The differences between the phacoemulsification time and the CDE become more evident in treating the hardest cataracts (3+/4+), in which we obtained a reduction of approximately 37% of the phacoemulsification time and 32% of the CDE. This reduction is due to the fragmentation of the cataract nucleus caused by the femtosecond laser, which facilitates the work of the phacoemulsifier in harder cataracts.
In our experience, separately considering the operating time of each phase revealed that only the suction time of the residual masses increased compared with the standard procedure. Residual masses in FLACS are more adherent to the capsular bag. Due to the presence of air bubbles in the capsular bag following the treatment with a femtosecond laser, the surgeon proceeds to a more delicate and less effective hydrodissection. It must be emphasized that the laser does not treat the posterior cortex of the lens for safety reasons, leaving it intact [
17]. These two aspects, in our opinion, seem to explain why the aspiration of the residual mass requires more time in FLACS.
Although in three of the four operating phases analyzed the execution times of the procedures appear significantly reduced, the total duration of the intervention in FLACS is increased by about a third compared to the intervention in PCS. This is explained by considering that in FLACS there is additional time due to the execution of the laser procedure and the movement of the patient’s bed from the laser area to the surgical microscope, followed by the preparation of a new sterile field. The total mean duration of surgeries in our series was lower than in previous studies in literature [
18].
Moreover, a recent clinical trial showed that, in comparison to FLACS, PCS showed a significantly higher cost-effectiveness ratio for every patient who had a successful treatment outcome.
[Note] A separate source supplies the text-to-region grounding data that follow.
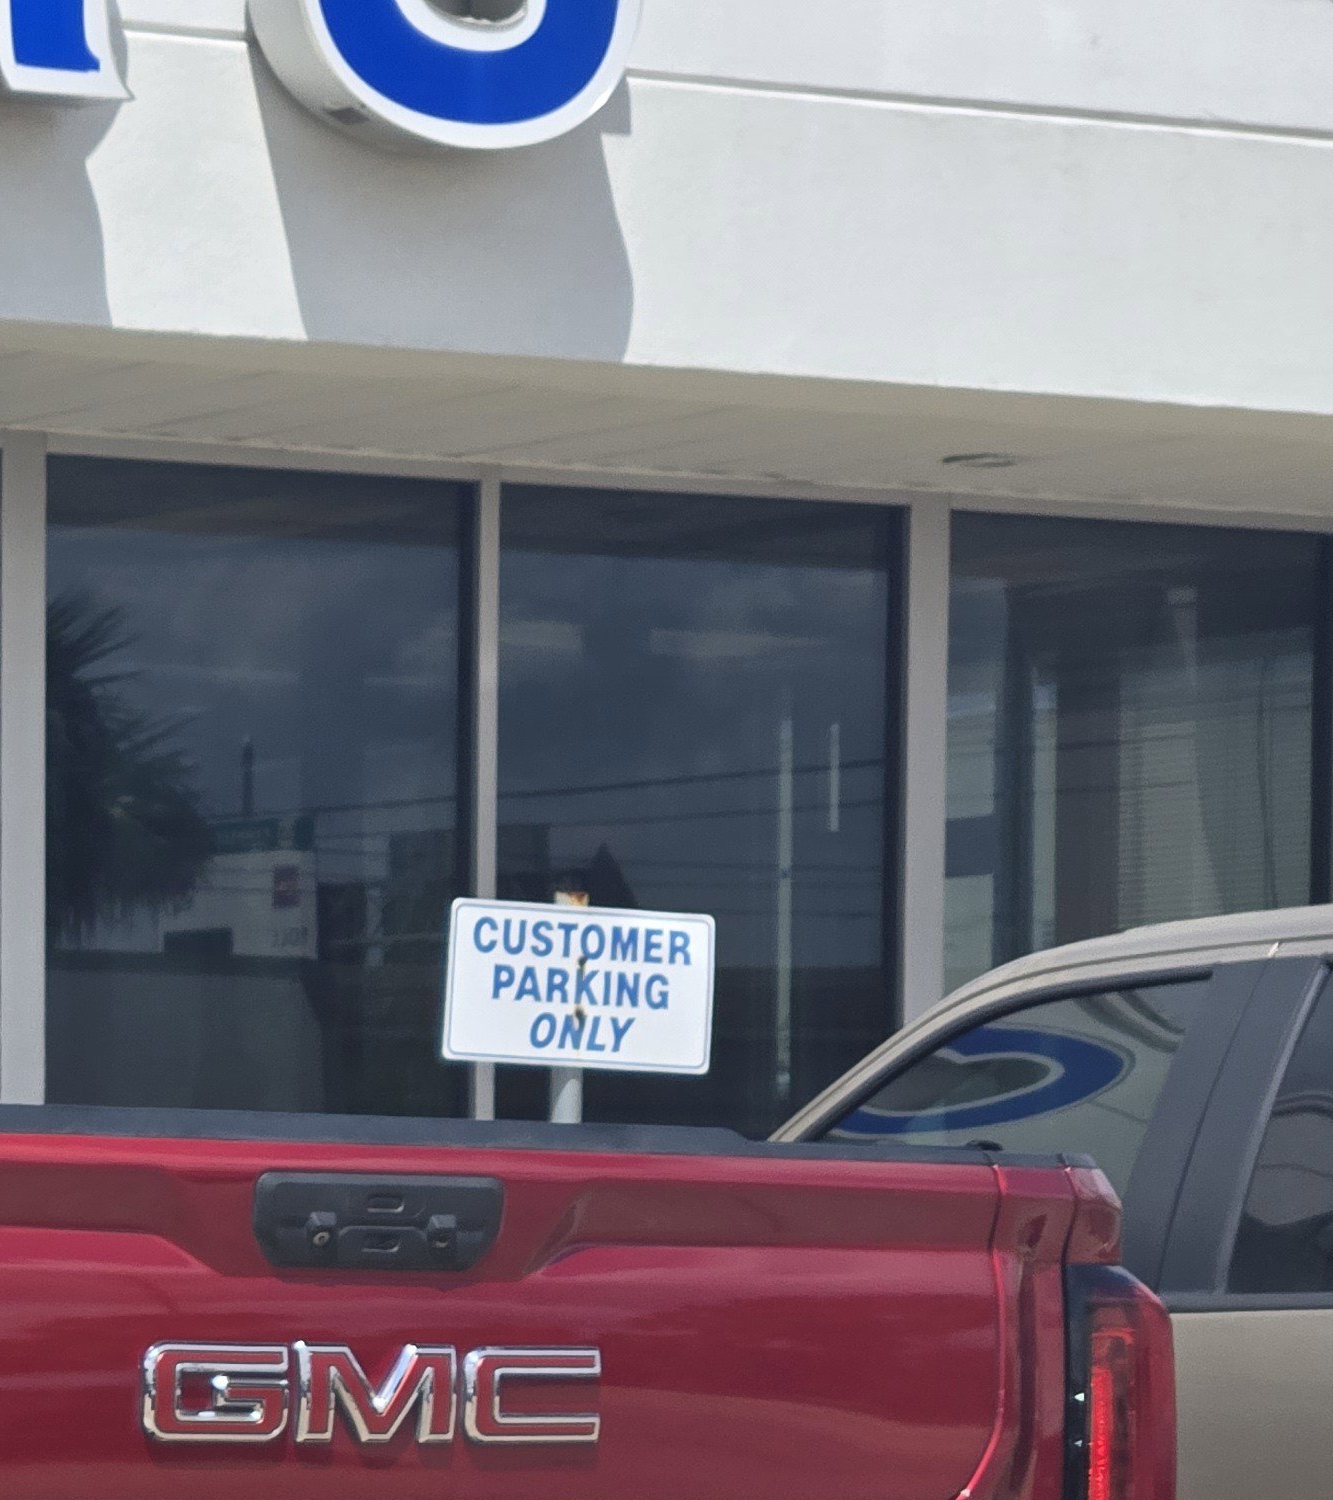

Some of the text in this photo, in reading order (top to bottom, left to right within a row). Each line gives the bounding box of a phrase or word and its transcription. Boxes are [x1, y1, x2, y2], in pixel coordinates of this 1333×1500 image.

[473, 916, 692, 966] CUSTOMER
[491, 963, 670, 1010] PARKING
[530, 1012, 636, 1053] ONLY
[142, 1341, 602, 1444] GMC
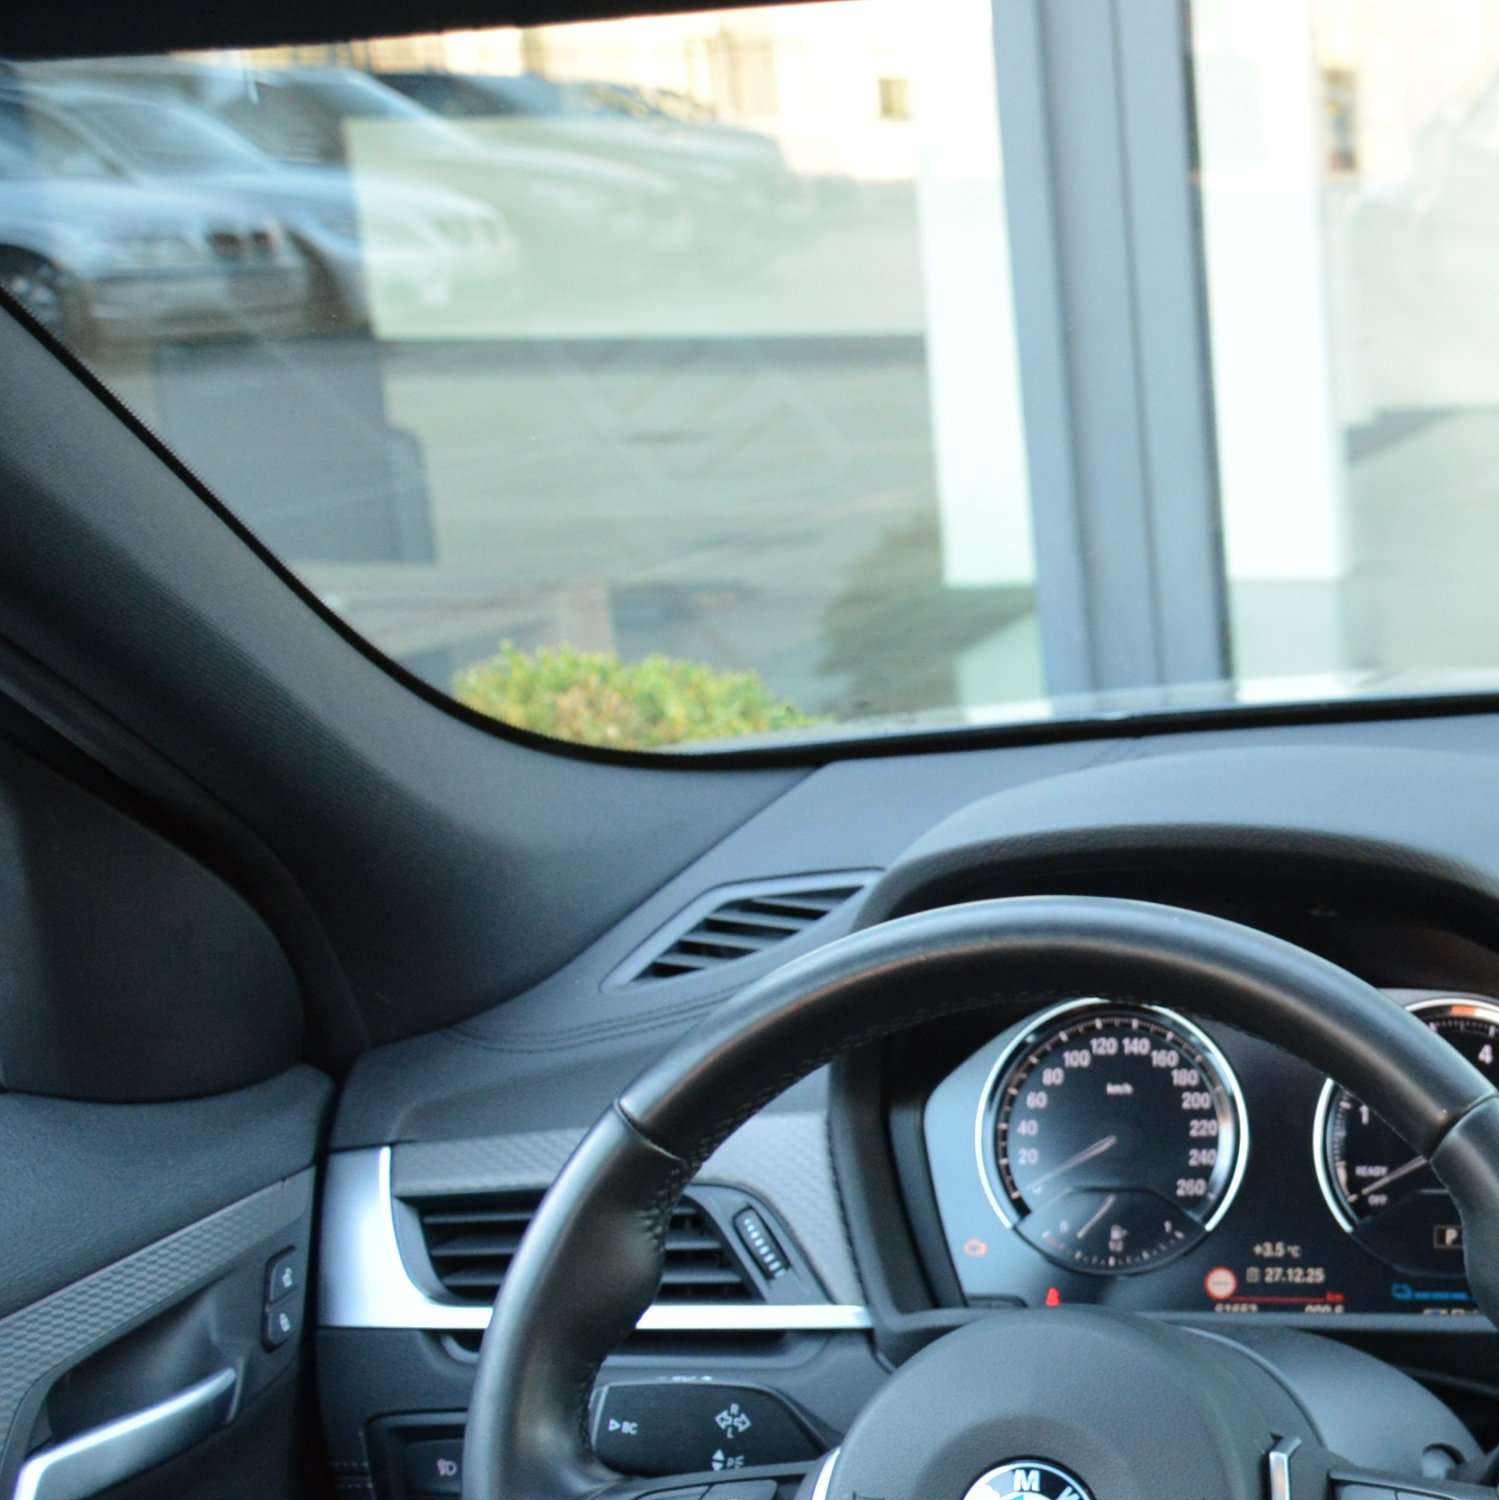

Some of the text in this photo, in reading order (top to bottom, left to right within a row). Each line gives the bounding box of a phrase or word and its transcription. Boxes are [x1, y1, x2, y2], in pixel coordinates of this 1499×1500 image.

In light of this, despite having a more sophisticated technology, FLACS did not outperform phacoemulsification and, being more expensive, did not provide patients or healthcare systems with any significant advantages [
19].
Although the small sample size remains the principal shortfall of our study, we believe our findings provide an insight into real-world surgical times of femtolaser assisted cataract surgery. Surely novel studies with a bigger cohort should be conducted in the future.